David "Honeyboy" Edwards is, quite literally, the last word in authentic Delta blues. Born in 1915 in the tiny town of Shaw, Mississippi, Edwards is, now that Robert Jr. Lockwood has passed on, the sole living link to the one and only Robert Johnson; as a boy, the now 93-year-old Edwards played and traveled with—and was musically tutored by—Johnson himself. To call Honeyboy Edwards a walking, talking, and forlornly howling museum of the blues doesn’t quite nail it; his connections to practically every significant blues legend could fill a book—and actually have: his riveting 1997 autobiography, The World Don’t Owe Me Nothing (Chicago Review Press), which eloquently and evocatively recalls the rough and vibrant world of a field-working, rail-hopping, freewheeling bluesman hoboing around the pre-civil rights South making music with one giant after another.

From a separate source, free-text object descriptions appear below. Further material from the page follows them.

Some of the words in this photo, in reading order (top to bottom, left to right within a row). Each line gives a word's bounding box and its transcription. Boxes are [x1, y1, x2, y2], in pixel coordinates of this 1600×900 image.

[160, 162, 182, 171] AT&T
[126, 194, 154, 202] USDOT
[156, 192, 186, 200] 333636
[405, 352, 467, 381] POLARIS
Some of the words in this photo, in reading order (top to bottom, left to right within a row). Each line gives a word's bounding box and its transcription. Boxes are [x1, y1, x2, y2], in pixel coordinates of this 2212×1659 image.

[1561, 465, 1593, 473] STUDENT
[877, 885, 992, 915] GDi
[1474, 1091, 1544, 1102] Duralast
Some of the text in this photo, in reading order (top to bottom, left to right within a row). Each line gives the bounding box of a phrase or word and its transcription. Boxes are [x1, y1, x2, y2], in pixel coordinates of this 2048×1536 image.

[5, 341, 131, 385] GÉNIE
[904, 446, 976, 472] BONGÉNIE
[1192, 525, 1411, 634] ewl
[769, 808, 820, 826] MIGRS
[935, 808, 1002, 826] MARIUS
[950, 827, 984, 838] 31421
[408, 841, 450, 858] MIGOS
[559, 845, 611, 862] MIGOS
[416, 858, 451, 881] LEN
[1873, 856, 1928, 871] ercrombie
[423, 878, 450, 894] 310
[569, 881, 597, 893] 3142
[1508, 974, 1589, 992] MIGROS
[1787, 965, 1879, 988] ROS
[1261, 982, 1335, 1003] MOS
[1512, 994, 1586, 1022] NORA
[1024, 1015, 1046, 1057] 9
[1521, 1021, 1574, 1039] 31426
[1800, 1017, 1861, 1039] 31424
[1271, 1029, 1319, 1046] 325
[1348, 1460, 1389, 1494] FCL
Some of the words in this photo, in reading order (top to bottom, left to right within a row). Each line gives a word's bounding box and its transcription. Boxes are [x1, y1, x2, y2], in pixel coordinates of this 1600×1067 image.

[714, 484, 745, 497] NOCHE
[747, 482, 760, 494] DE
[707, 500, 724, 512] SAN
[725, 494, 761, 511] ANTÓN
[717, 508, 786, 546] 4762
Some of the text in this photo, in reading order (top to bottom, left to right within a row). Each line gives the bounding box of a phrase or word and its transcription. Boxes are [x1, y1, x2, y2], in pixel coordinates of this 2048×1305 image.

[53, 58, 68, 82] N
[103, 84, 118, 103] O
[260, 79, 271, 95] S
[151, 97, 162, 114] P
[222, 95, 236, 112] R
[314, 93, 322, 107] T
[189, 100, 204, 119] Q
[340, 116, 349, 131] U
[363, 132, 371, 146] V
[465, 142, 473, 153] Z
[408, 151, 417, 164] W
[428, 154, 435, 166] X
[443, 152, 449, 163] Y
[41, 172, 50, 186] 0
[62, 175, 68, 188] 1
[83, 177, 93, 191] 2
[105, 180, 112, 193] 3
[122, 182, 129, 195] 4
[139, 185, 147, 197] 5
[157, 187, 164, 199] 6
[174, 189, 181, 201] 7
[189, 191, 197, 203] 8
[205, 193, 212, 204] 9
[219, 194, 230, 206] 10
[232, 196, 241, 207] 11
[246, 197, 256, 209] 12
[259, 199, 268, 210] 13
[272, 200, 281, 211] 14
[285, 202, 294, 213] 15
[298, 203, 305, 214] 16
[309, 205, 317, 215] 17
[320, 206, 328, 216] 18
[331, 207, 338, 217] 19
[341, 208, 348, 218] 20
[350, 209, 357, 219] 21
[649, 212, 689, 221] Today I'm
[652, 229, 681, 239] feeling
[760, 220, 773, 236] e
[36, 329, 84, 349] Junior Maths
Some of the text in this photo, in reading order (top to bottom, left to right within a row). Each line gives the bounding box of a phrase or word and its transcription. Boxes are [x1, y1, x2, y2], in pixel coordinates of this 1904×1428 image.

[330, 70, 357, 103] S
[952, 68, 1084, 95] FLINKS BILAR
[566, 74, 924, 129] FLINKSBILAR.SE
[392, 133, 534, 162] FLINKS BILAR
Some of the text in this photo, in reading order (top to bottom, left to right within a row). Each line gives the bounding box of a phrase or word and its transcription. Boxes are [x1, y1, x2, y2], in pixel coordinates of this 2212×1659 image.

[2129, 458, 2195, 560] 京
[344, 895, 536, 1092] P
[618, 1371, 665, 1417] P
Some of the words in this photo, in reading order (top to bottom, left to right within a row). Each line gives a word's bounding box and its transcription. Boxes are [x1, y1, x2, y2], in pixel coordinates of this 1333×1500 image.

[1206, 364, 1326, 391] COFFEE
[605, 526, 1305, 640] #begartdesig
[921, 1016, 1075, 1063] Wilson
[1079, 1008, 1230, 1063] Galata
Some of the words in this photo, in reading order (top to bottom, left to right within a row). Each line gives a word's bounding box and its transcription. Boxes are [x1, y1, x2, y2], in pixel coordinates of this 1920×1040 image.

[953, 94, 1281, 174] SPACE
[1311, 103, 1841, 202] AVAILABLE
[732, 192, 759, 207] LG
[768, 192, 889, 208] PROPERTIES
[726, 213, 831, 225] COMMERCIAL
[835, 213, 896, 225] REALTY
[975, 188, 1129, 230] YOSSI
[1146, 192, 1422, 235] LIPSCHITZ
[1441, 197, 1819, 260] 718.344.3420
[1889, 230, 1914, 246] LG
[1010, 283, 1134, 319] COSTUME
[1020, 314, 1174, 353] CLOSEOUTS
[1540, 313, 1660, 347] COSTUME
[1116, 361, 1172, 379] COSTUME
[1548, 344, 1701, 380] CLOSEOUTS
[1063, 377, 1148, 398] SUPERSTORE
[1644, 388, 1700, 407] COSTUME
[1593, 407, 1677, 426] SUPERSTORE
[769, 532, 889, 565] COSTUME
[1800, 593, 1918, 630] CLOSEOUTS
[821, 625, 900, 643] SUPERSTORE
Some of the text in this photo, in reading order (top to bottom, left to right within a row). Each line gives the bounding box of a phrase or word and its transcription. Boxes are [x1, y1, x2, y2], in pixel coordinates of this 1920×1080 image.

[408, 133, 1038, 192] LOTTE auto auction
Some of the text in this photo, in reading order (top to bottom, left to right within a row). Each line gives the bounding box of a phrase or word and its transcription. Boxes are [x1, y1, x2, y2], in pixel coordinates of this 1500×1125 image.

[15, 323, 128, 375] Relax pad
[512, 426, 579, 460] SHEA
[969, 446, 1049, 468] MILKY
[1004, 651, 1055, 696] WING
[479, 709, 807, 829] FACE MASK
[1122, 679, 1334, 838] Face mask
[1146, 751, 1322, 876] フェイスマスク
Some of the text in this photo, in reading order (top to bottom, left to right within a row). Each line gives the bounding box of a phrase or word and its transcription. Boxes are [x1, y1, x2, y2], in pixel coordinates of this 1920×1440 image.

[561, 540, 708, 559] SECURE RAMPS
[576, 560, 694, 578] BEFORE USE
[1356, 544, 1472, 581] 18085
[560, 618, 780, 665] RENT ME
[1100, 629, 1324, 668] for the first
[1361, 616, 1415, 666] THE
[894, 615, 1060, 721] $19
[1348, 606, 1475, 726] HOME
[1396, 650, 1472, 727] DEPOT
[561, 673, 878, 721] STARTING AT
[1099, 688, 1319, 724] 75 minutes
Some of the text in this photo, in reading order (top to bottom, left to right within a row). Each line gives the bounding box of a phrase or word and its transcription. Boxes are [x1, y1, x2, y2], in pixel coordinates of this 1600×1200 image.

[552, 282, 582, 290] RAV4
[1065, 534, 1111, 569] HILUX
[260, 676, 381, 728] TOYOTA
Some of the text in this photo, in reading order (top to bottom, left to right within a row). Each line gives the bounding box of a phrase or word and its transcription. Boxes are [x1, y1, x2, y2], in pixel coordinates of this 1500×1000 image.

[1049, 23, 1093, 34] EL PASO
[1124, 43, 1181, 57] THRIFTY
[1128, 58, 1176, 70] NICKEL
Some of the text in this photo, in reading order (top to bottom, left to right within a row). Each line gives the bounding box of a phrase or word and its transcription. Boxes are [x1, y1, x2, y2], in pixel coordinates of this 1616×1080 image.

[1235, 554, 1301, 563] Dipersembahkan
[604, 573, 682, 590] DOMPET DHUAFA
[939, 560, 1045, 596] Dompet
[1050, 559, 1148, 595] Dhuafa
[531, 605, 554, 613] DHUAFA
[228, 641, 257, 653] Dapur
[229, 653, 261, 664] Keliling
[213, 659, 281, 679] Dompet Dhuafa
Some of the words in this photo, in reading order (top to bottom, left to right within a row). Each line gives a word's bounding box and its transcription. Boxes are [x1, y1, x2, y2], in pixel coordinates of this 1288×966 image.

And on November 14, this final ambassador to the very source of all that begat R&B, rock ‘n’ roll, soul, funk, rap, and the rest returns to the Rosendale Café.
"Having Honeyboy at the café is like having access to a pure, secret spring whose waters contain a healing elixir," says the venue’s famously savvy booking agent/manager Mark Morganstern, who brought this real-deal country bluesman to town last year. Those blues fans lucky enough to be anointed by Edwards’s transcendental 2007 appearance will no doubt attest to the healing properties of his gruff, primal voice and slashing slide guitar.
And as mind-blowing as the singer’s Robert Johnson connection is, however, his ties to the immortals don’t end there. Edwards also actually performed with Johnson’s monolithic peers Charley Patton and Son House. He learned to play guitar from the great Tommy Johnson and was further mentored by Big Joe Williams—before being discovered in 1942 by no less than Alan Lomax, who recorded him for the Library of Congress at fabled Clarksdale blues crucible Stovall’s Plantation. Edwards was childhood pals with Tommy McLennan and Robert Petaway, worked rural juke joints with Yank Rachell and Big Walter Horton and Chicago’s Maxwell Street and Southside clubs with Willie Dixon, Muddy Waters, B.B. King, Sonny Boy Williamson, Lightnin’ Hopkins, Johnny Temple, Magic Sam, and Floyd Jones, to name only a few. In the 1950s he cut sides for both Sun and Chess, something few bluesers outside of the towering Howlin’ Wolf (another Edwards running mate) ever did. If the term "blues lightning rod" has ever applied to a single artist, it most certainly does here.
Few who caught Edwards in performance last year would have been prepared for what they witnessed: a nonagenarian artist with a voice endlessly more powerful, pain-wracked, and life-celebrating than blues pretenders a quarter of his age. And the way Honeyboy’s slide and fingers get around the neck of his guitar is enough to make those same aspiring young players decide to stick with their data-entry jobs while they take notes (literally) from the master. Yet despite his advanced age, Edwards shows surprisingly few signs of slowing down. Perhaps, when the blues run so thickly and richly through your veins, 100 really is the new 90.

David "Honeyboy" Edwards will perform at the Rosendale Café on November 14. www.rosendalecafe.com.